**Required work**
Output all the records word for word. Drop the pictures.

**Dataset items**
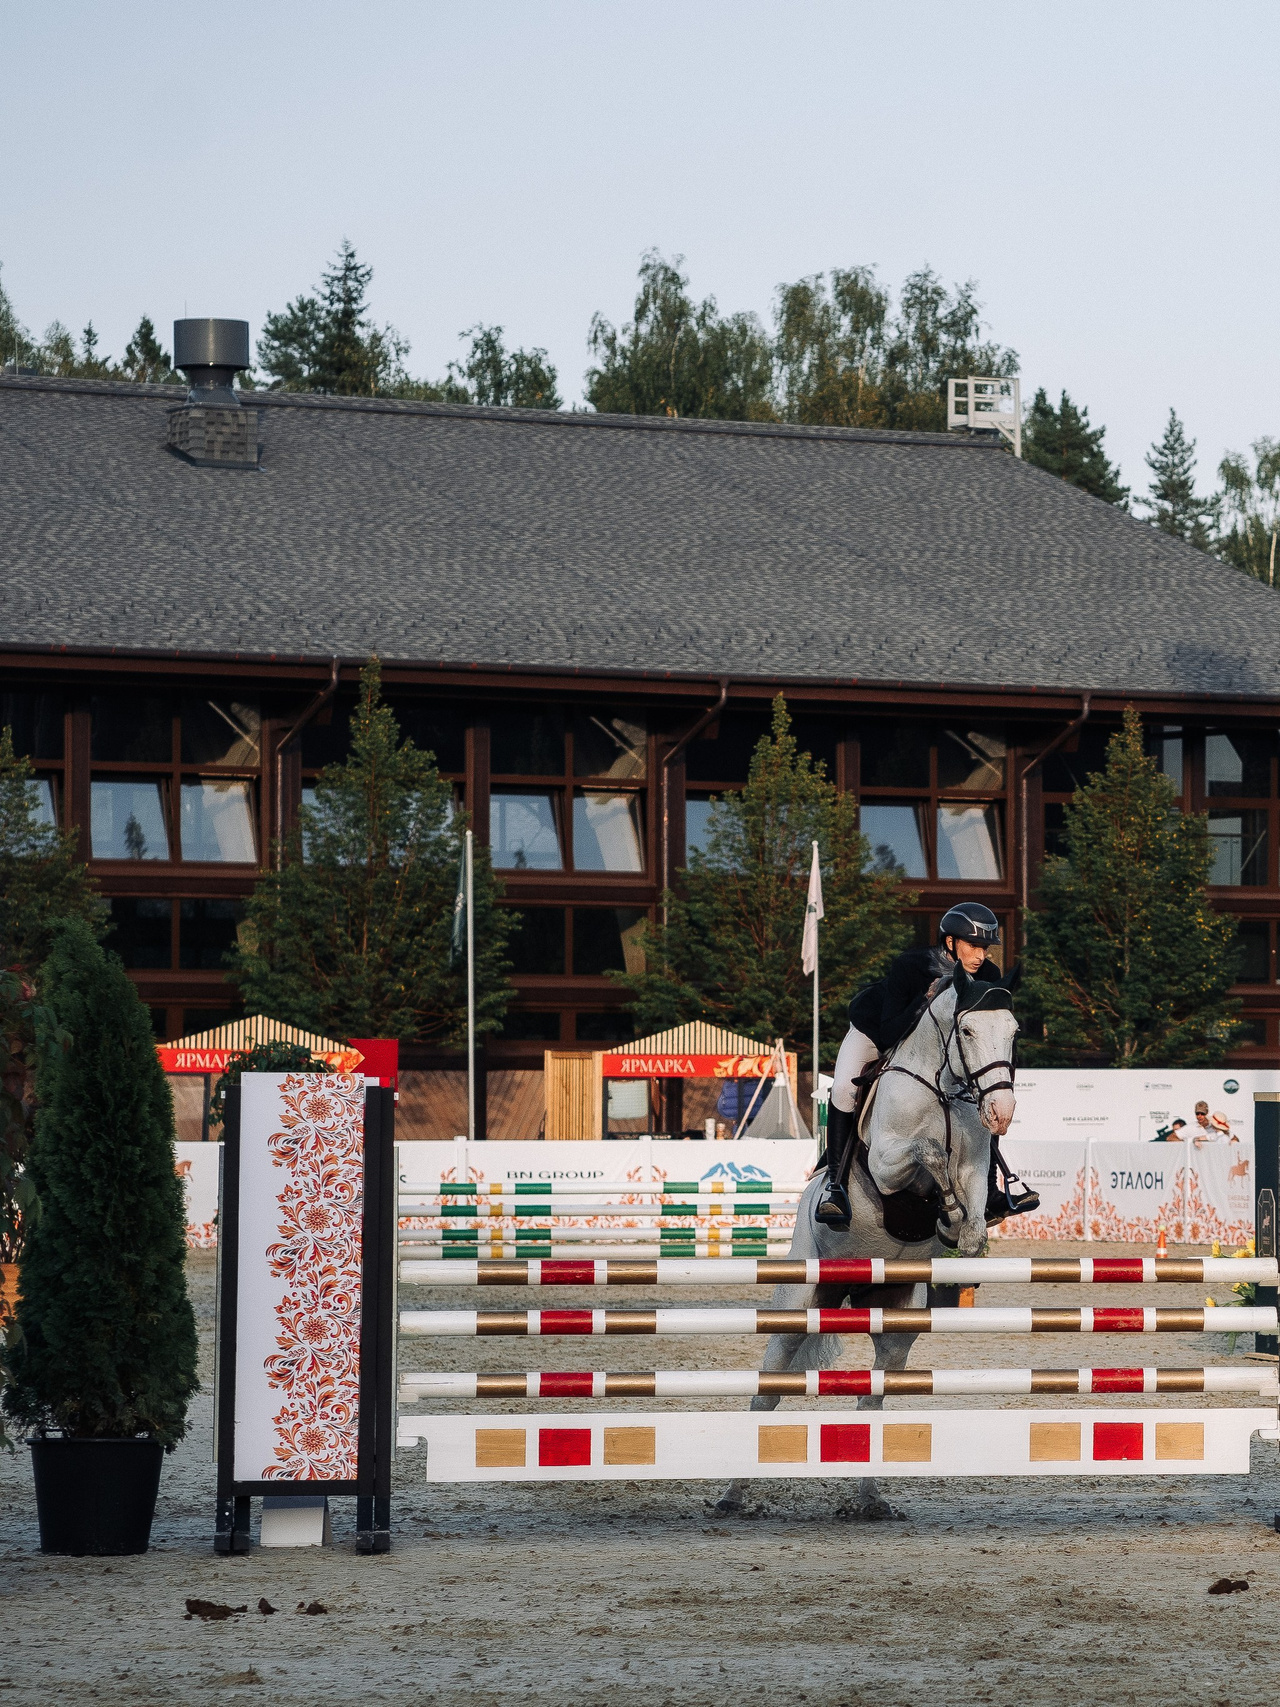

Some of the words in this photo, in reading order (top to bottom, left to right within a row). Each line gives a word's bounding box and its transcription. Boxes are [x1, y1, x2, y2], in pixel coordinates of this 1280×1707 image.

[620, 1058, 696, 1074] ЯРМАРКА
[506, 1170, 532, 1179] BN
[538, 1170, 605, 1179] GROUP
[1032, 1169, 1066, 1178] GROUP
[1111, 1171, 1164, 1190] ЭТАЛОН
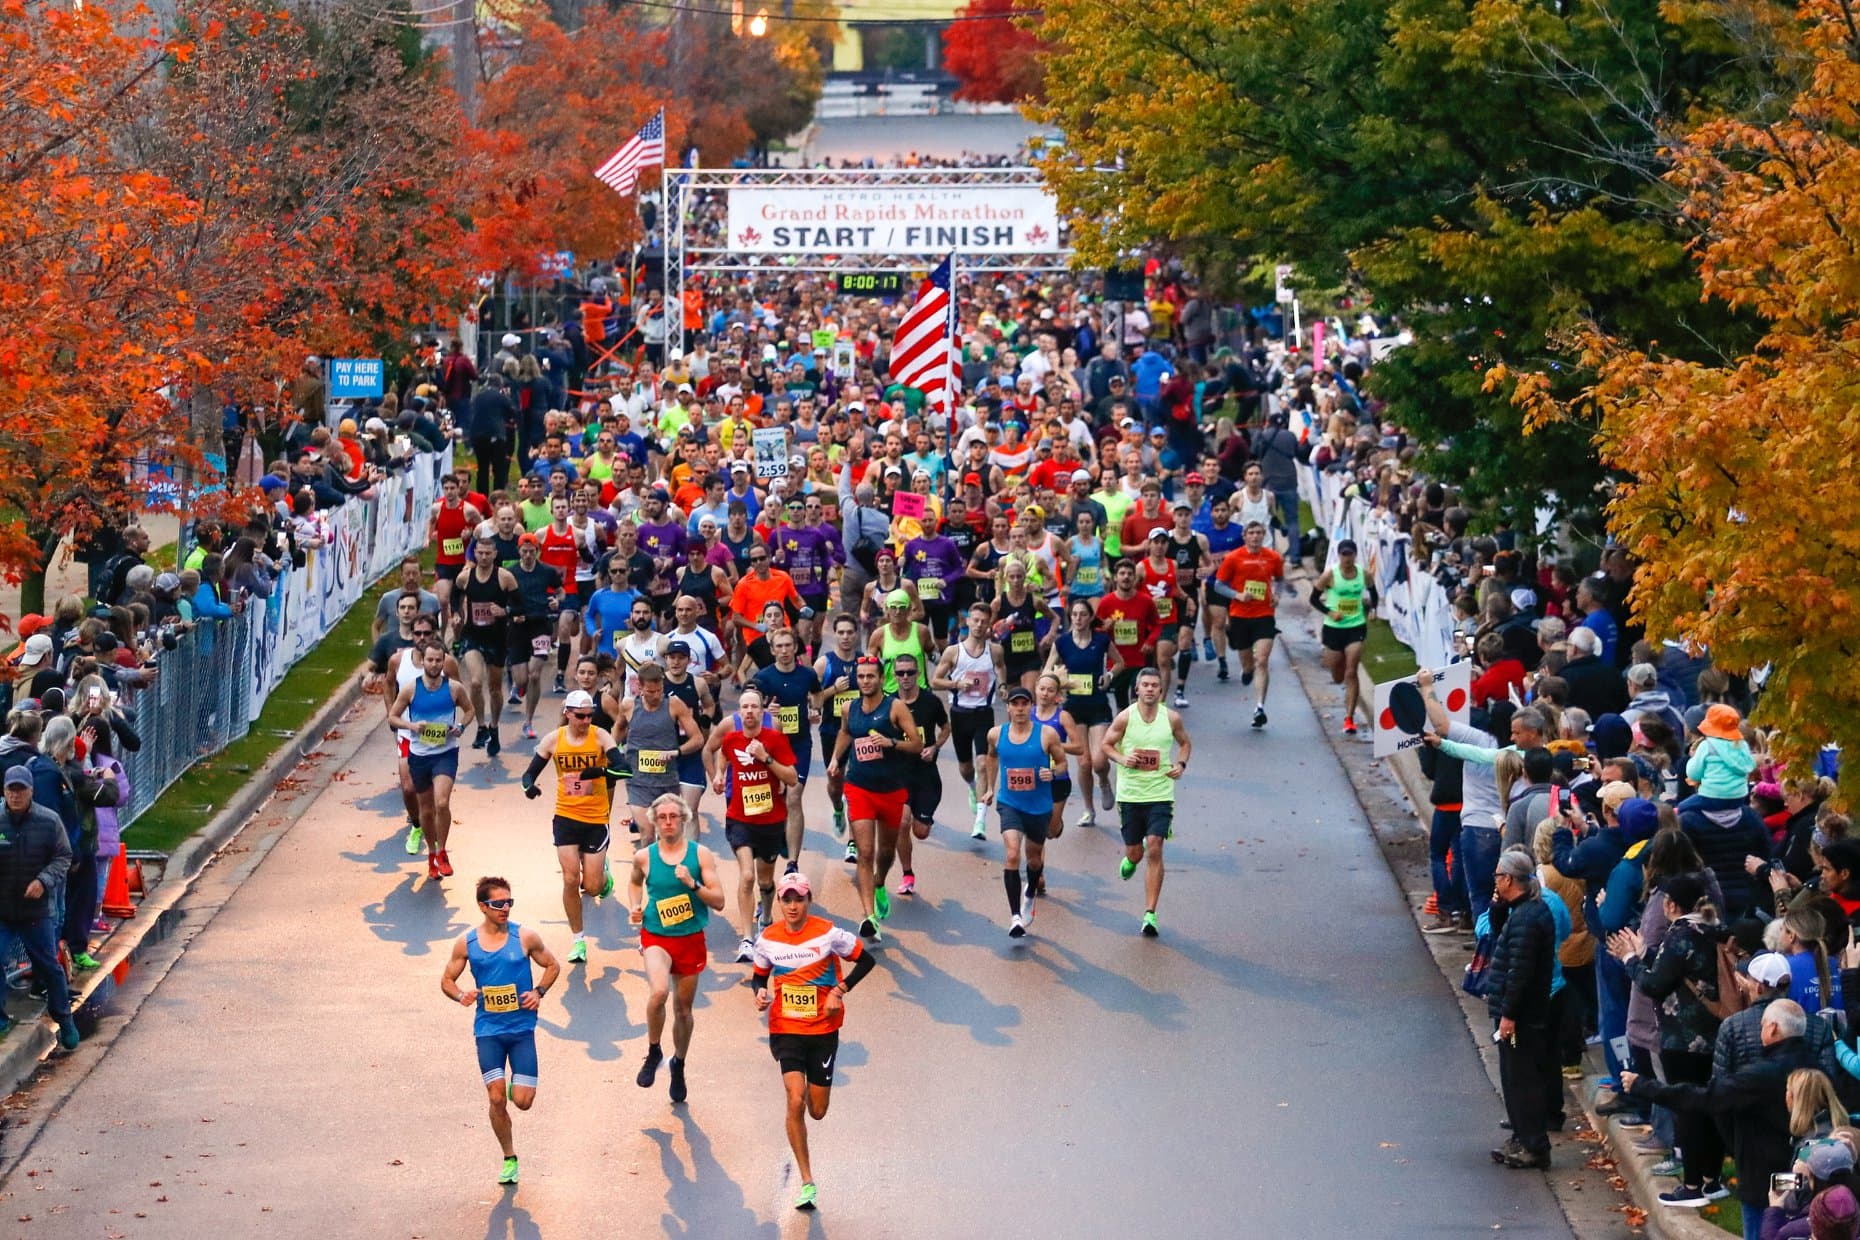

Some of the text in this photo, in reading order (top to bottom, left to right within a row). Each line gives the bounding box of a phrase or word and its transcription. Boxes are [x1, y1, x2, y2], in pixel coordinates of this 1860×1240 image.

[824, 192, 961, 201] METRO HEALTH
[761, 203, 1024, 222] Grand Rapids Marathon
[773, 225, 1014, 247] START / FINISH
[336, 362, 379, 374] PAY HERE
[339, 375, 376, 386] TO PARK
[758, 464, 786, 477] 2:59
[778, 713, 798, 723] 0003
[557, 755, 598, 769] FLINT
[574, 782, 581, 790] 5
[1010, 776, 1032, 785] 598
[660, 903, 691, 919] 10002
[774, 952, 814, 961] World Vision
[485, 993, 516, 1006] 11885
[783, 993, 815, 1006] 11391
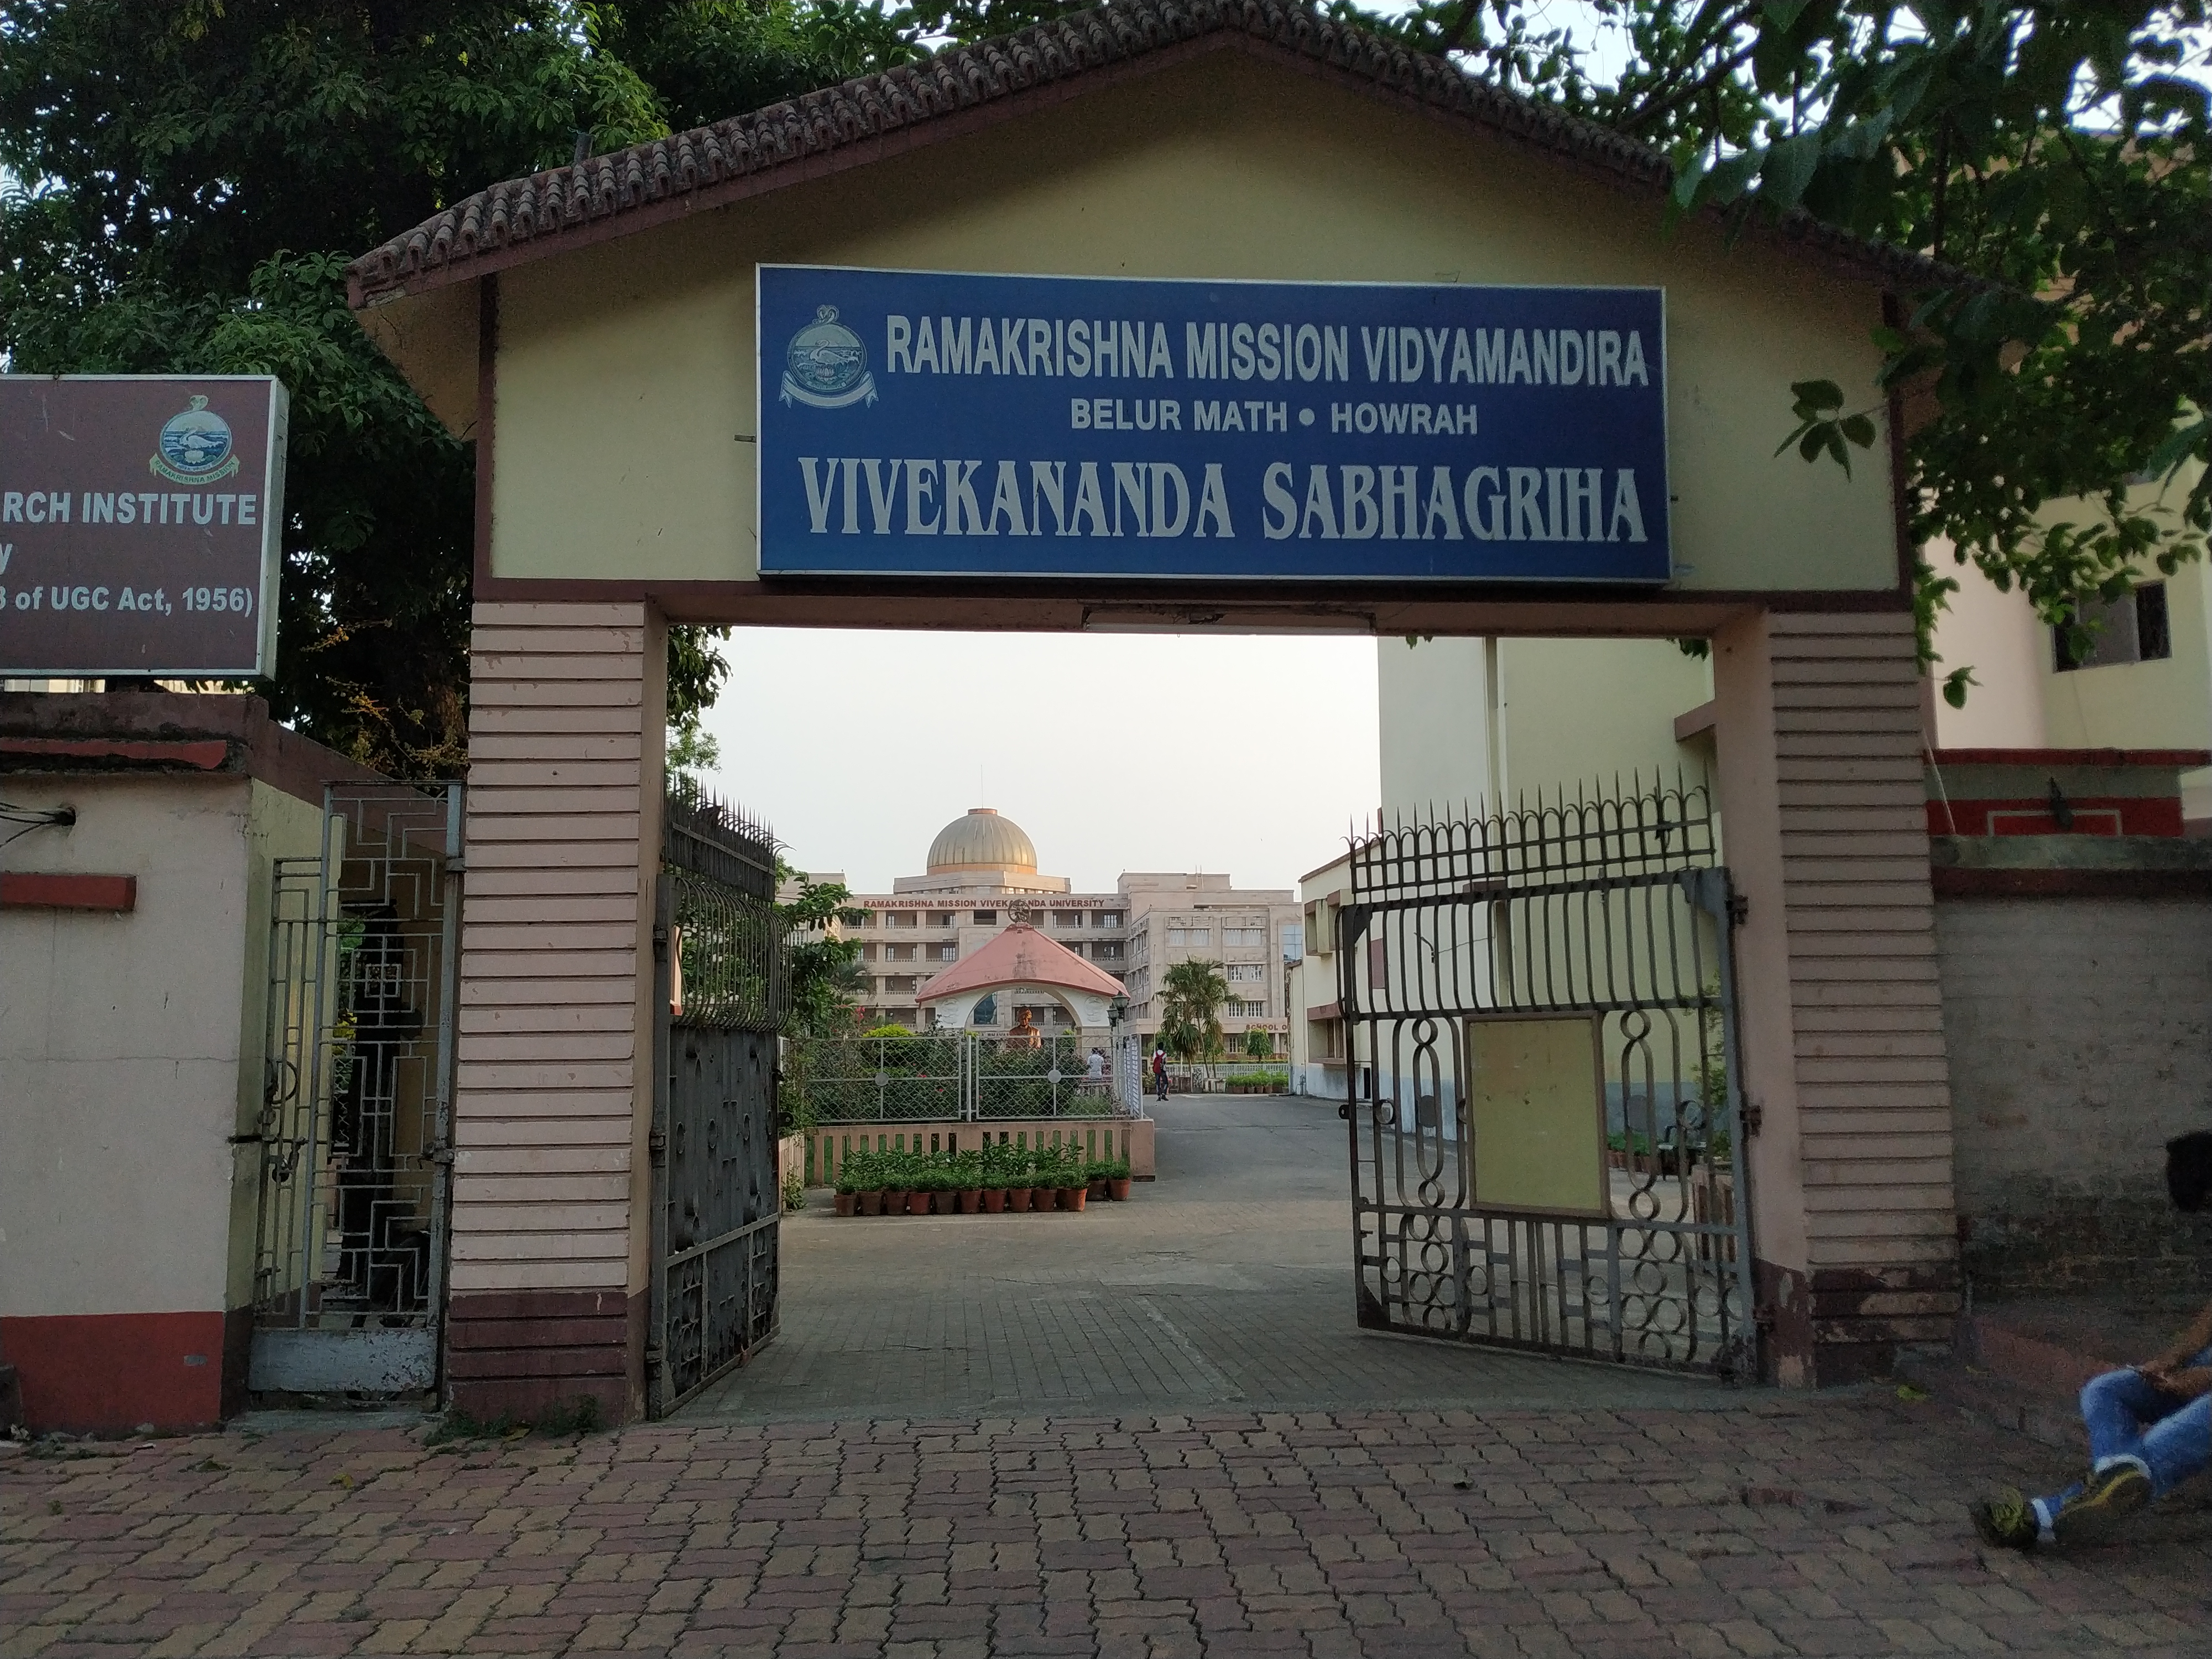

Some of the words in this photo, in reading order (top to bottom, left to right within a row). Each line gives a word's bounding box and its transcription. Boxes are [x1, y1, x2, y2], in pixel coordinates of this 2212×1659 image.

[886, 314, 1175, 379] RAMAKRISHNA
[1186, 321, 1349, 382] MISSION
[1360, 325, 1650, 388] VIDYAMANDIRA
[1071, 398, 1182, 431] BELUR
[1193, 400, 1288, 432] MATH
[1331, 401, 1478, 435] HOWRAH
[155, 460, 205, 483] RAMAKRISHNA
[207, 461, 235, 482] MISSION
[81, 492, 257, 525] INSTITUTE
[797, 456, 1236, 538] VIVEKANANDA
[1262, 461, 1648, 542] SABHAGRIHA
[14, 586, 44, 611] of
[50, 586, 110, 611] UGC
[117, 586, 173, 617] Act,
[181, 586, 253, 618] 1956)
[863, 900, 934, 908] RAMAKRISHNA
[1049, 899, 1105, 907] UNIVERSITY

**Answer for this exercise**
Some of the words in this photo, in reading order (top to bottom, left to right within a row). Each line gives a word's bounding box and its transcription. Boxes are [x1, y1, x2, y2], in pixel coordinates of this 1280×1707 image.

[620, 1058, 696, 1074] ЯРМАРКА
[506, 1170, 532, 1179] BN
[538, 1170, 605, 1179] GROUP
[1032, 1169, 1066, 1178] GROUP
[1111, 1171, 1164, 1190] ЭТАЛОН

Some of the text in this photo, in reading order (top to bottom, left to right within a row). Each line gives the bounding box of a phrase or word and its transcription. Boxes are [x1, y1, x2, y2], in pixel coordinates of this 1860×1240 image.

[824, 192, 961, 201] METRO HEALTH
[761, 203, 1024, 222] Grand Rapids Marathon
[773, 225, 1014, 247] START / FINISH
[336, 362, 379, 374] PAY HERE
[339, 375, 376, 386] TO PARK
[758, 464, 786, 477] 2:59
[778, 713, 798, 723] 0003
[557, 755, 598, 769] FLINT
[574, 782, 581, 790] 5
[1010, 776, 1032, 785] 598
[660, 903, 691, 919] 10002
[774, 952, 814, 961] World Vision
[485, 993, 516, 1006] 11885
[783, 993, 815, 1006] 11391

Some of the words in this photo, in reading order (top to bottom, left to right within a row). Each line gives a word's bounding box and its transcription. Boxes are [x1, y1, x2, y2], in pixel coordinates of this 2212×1659 image.

[886, 314, 1175, 379] RAMAKRISHNA
[1186, 321, 1349, 382] MISSION
[1360, 325, 1650, 388] VIDYAMANDIRA
[1071, 398, 1182, 431] BELUR
[1193, 400, 1288, 432] MATH
[1331, 401, 1478, 435] HOWRAH
[155, 460, 205, 483] RAMAKRISHNA
[207, 461, 235, 482] MISSION
[81, 492, 257, 525] INSTITUTE
[797, 456, 1236, 538] VIVEKANANDA
[1262, 461, 1648, 542] SABHAGRIHA
[14, 586, 44, 611] of
[50, 586, 110, 611] UGC
[117, 586, 173, 617] Act,
[181, 586, 253, 618] 1956)
[863, 900, 934, 908] RAMAKRISHNA
[1049, 899, 1105, 907] UNIVERSITY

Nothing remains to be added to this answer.